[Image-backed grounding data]
···
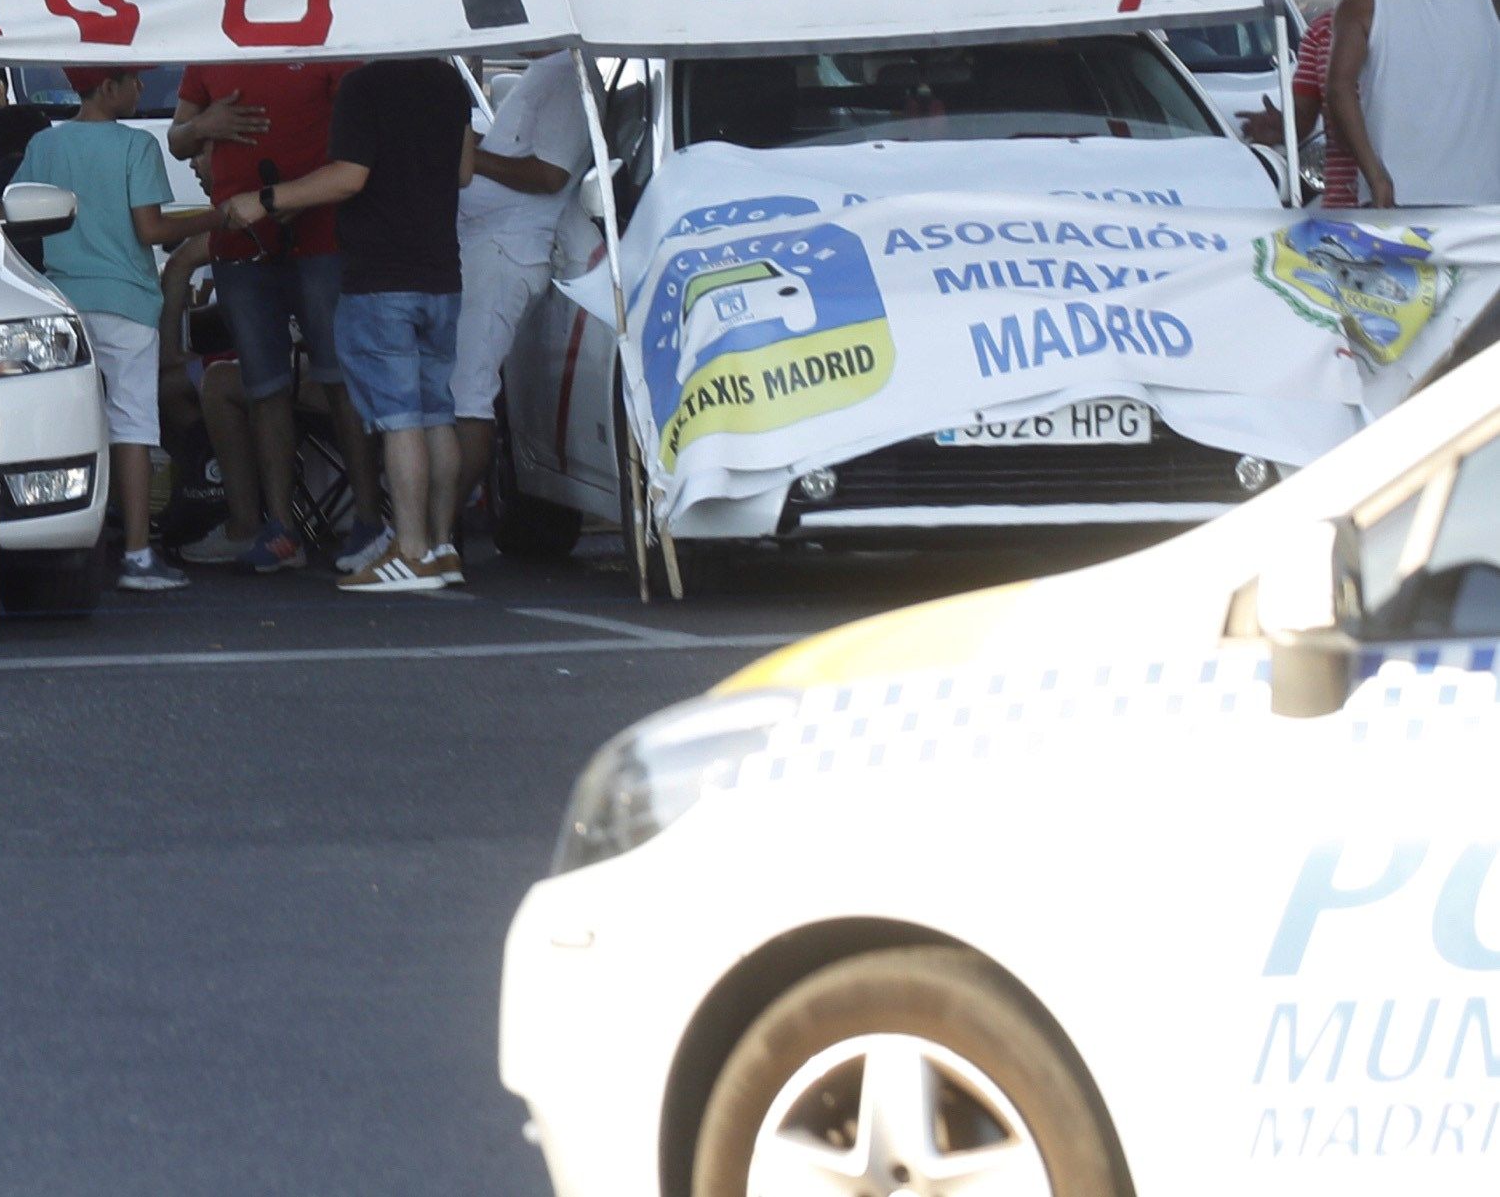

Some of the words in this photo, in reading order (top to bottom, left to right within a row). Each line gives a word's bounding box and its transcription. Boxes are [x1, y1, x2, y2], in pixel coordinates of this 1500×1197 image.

[884, 220, 1229, 256] ASOCIACIÓN
[933, 259, 1172, 295] MILTAXI
[969, 301, 1194, 378] MADRID
[762, 344, 875, 401] MADRID
[1072, 403, 1139, 438] HPG
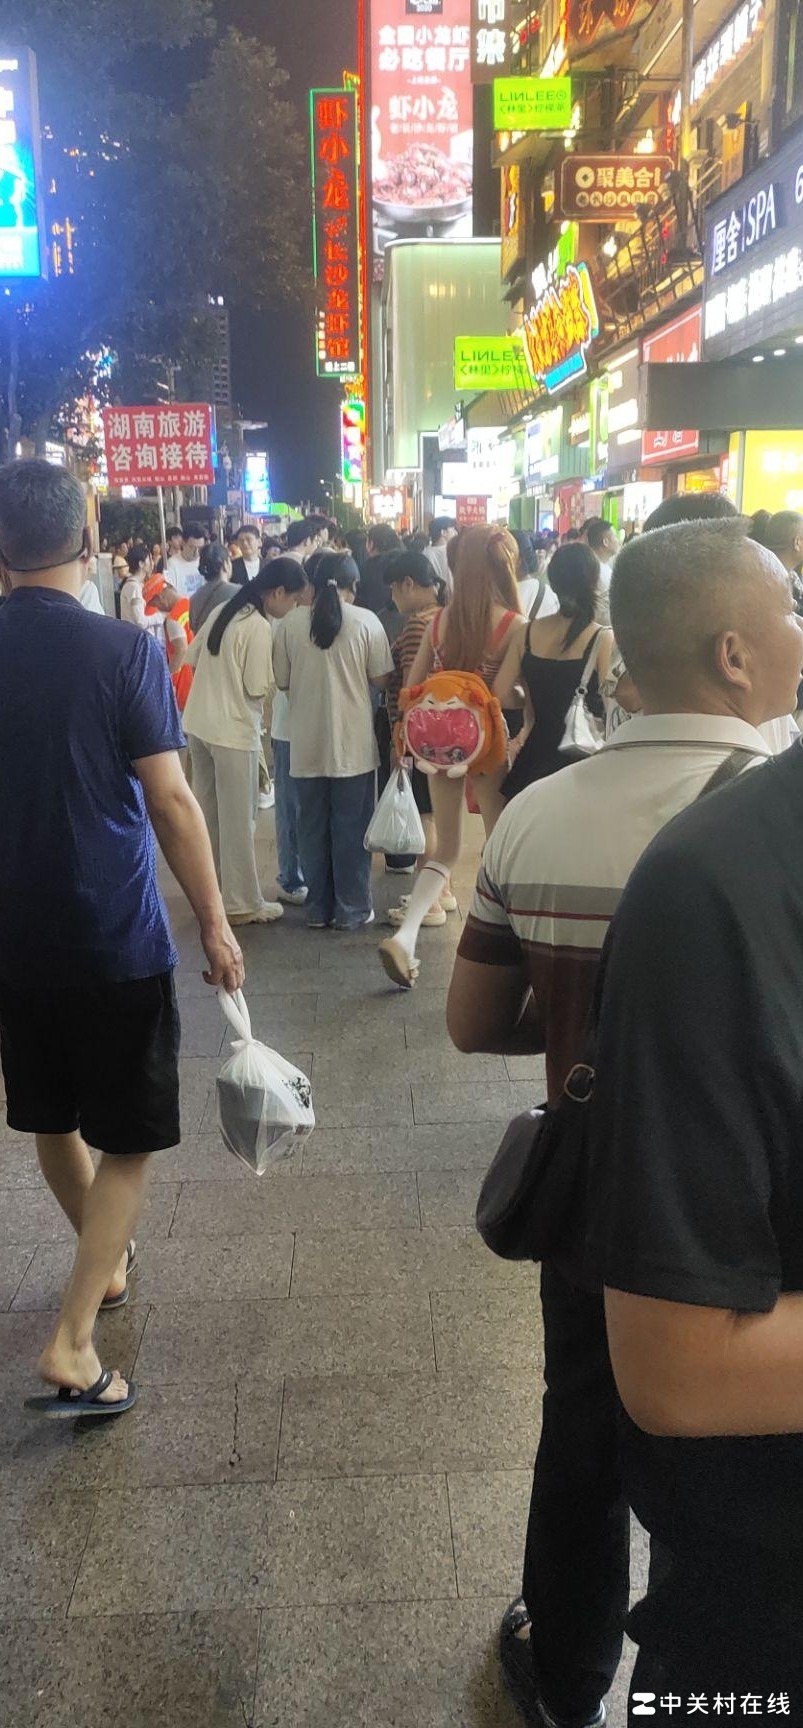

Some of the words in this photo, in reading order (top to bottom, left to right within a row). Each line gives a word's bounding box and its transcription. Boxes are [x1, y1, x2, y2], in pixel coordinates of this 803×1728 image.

[378, 24, 470, 46] 全国小龙虾
[378, 46, 470, 72] 必吃餐厅
[388, 86, 459, 121] 虾小龙
[746, 183, 777, 247] SPA
[108, 410, 206, 439] 湖南旅游
[111, 441, 208, 472] 咨询接待
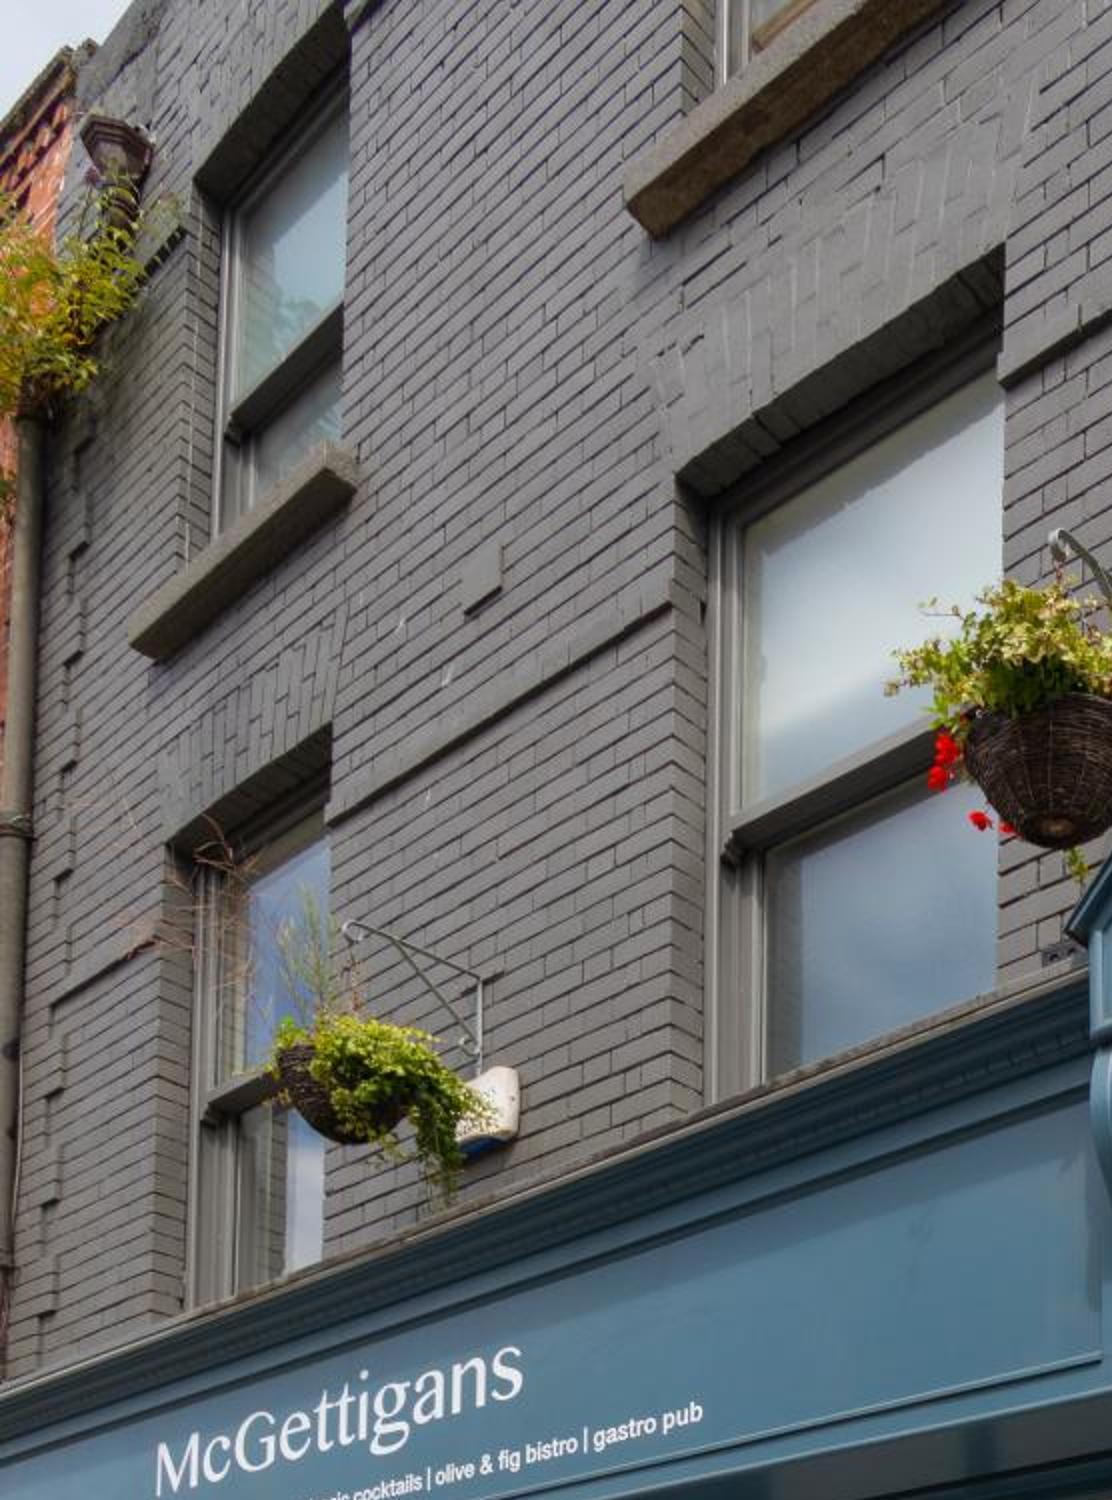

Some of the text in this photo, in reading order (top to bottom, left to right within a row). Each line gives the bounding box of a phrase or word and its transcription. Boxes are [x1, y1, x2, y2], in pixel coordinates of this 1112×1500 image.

[155, 1346, 524, 1498] McGettigans
[435, 1461, 475, 1487] olive
[479, 1453, 494, 1475] &
[498, 1448, 521, 1473] fig
[525, 1435, 577, 1464] bistro
[593, 1414, 657, 1450] gastro
[663, 1401, 704, 1434] pub
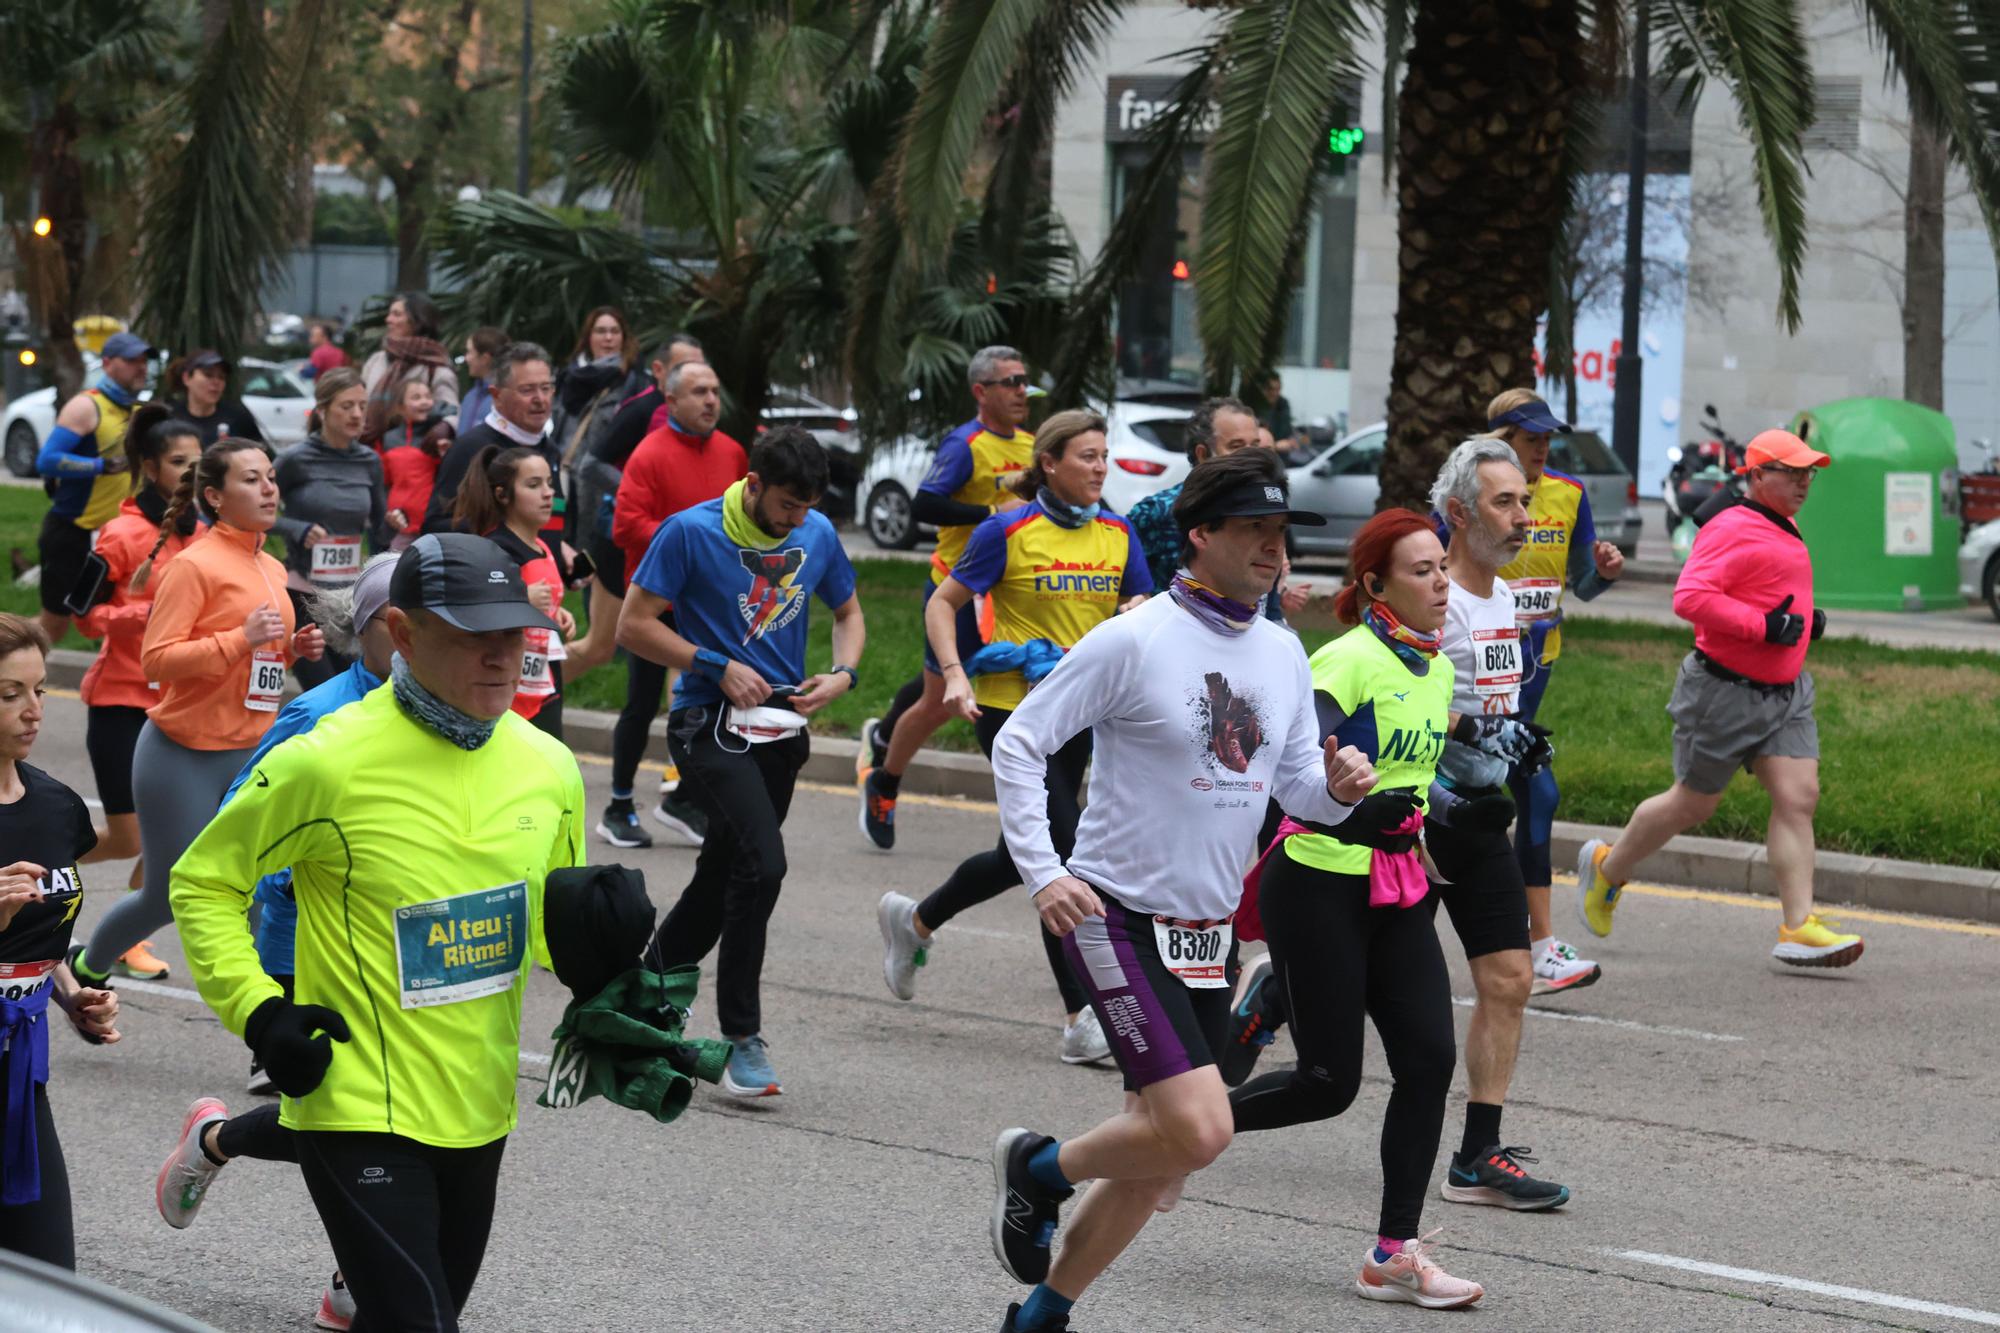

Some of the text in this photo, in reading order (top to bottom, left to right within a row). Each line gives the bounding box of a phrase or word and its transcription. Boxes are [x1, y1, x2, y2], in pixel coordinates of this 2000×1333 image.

[1035, 573, 1120, 593] runners
[1485, 644, 1515, 671] 6824
[460, 917, 501, 940] teu
[443, 941, 506, 968] Ritme
[1168, 929, 1221, 961] 8380
···
TASK TO COMPLETE:
No line before the one with "this 2000×1333 image." belongs in the answer; copy that line and the rest of the records exactly.

REPLY:
Some of the text in this photo, in reading order (top to bottom, left to right within a row). Each line gives the bounding box of a phrase or word and its transcription. Boxes are [x1, y1, x2, y2], in pixel coordinates of this 2000×1333 image.

[1035, 573, 1120, 593] runners
[1485, 644, 1515, 671] 6824
[460, 917, 501, 940] teu
[443, 941, 506, 968] Ritme
[1168, 929, 1221, 961] 8380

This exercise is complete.